Task goal:
The listing is to be printed in full, exactly as given.

Source records:
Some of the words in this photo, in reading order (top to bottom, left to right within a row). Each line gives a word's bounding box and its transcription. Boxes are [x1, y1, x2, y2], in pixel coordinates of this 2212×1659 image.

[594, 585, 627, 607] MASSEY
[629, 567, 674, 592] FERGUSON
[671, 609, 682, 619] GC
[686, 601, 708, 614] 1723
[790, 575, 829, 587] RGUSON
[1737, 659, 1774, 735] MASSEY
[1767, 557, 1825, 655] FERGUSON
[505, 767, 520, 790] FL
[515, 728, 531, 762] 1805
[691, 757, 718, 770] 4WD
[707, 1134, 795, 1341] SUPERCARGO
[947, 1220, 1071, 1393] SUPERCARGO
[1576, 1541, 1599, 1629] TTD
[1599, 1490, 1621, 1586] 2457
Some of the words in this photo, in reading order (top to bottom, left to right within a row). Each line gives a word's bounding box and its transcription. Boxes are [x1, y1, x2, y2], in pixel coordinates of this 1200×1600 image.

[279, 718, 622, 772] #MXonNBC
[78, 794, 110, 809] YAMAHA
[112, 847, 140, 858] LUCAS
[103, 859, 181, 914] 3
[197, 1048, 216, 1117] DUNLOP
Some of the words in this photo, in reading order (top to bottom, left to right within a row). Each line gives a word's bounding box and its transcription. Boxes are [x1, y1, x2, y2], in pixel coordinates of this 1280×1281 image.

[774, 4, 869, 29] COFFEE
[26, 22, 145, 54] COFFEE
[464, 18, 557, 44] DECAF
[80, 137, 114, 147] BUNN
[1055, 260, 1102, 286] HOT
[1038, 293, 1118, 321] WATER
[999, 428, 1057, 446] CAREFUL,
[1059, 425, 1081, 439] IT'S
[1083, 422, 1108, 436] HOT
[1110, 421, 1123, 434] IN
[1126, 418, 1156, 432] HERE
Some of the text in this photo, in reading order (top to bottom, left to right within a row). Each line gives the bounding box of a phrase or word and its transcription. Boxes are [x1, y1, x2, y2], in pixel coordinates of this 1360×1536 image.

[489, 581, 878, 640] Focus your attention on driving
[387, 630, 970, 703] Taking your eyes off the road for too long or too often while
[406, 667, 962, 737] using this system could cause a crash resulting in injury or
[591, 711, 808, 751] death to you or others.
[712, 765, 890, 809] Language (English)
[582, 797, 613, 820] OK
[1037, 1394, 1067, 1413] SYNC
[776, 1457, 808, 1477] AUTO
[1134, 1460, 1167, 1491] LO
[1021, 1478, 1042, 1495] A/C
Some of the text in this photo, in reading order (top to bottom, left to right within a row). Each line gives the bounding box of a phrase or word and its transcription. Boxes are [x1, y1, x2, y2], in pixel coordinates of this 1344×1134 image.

Task solution:
Some of the words in this photo, in reading order (top to bottom, left to right within a row). Each line gives a word's bounding box and its transcription. Boxes are [x1, y1, x2, y2], in pixel coordinates of this 2212×1659 image.

[594, 585, 627, 607] MASSEY
[629, 567, 674, 592] FERGUSON
[671, 609, 682, 619] GC
[686, 601, 708, 614] 1723
[790, 575, 829, 587] RGUSON
[1737, 659, 1774, 735] MASSEY
[1767, 557, 1825, 655] FERGUSON
[505, 767, 520, 790] FL
[515, 728, 531, 762] 1805
[691, 757, 718, 770] 4WD
[707, 1134, 795, 1341] SUPERCARGO
[947, 1220, 1071, 1393] SUPERCARGO
[1576, 1541, 1599, 1629] TTD
[1599, 1490, 1621, 1586] 2457
Some of the words in this photo, in reading order (top to bottom, left to right within a row). Each line gives a word's bounding box and its transcription. Boxes are [x1, y1, x2, y2], in pixel coordinates of this 1200×1600 image.

[279, 718, 622, 772] #MXonNBC
[78, 794, 110, 809] YAMAHA
[112, 847, 140, 858] LUCAS
[103, 859, 181, 914] 3
[197, 1048, 216, 1117] DUNLOP
Some of the words in this photo, in reading order (top to bottom, left to right within a row). Each line gives a word's bounding box and its transcription. Boxes are [x1, y1, x2, y2], in pixel coordinates of this 1280×1281 image.

[774, 4, 869, 29] COFFEE
[26, 22, 145, 54] COFFEE
[464, 18, 557, 44] DECAF
[80, 137, 114, 147] BUNN
[1055, 260, 1102, 286] HOT
[1038, 293, 1118, 321] WATER
[999, 428, 1057, 446] CAREFUL,
[1059, 425, 1081, 439] IT'S
[1083, 422, 1108, 436] HOT
[1110, 421, 1123, 434] IN
[1126, 418, 1156, 432] HERE
Some of the text in this photo, in reading order (top to bottom, left to right within a row). Each line gives the bounding box of a phrase or word and its transcription. Boxes are [x1, y1, x2, y2], in pixel coordinates of this 1360×1536 image.

[489, 581, 878, 640] Focus your attention on driving
[387, 630, 970, 703] Taking your eyes off the road for too long or too often while
[406, 667, 962, 737] using this system could cause a crash resulting in injury or
[591, 711, 808, 751] death to you or others.
[712, 765, 890, 809] Language (English)
[582, 797, 613, 820] OK
[1037, 1394, 1067, 1413] SYNC
[776, 1457, 808, 1477] AUTO
[1134, 1460, 1167, 1491] LO
[1021, 1478, 1042, 1495] A/C
Some of the text in this photo, in reading order (top to bottom, left to right within a row). Each line gives the bounding box of a phrase or word and its transcription. Boxes are [x1, y1, x2, y2], in pixel coordinates of this 1344×1134 image.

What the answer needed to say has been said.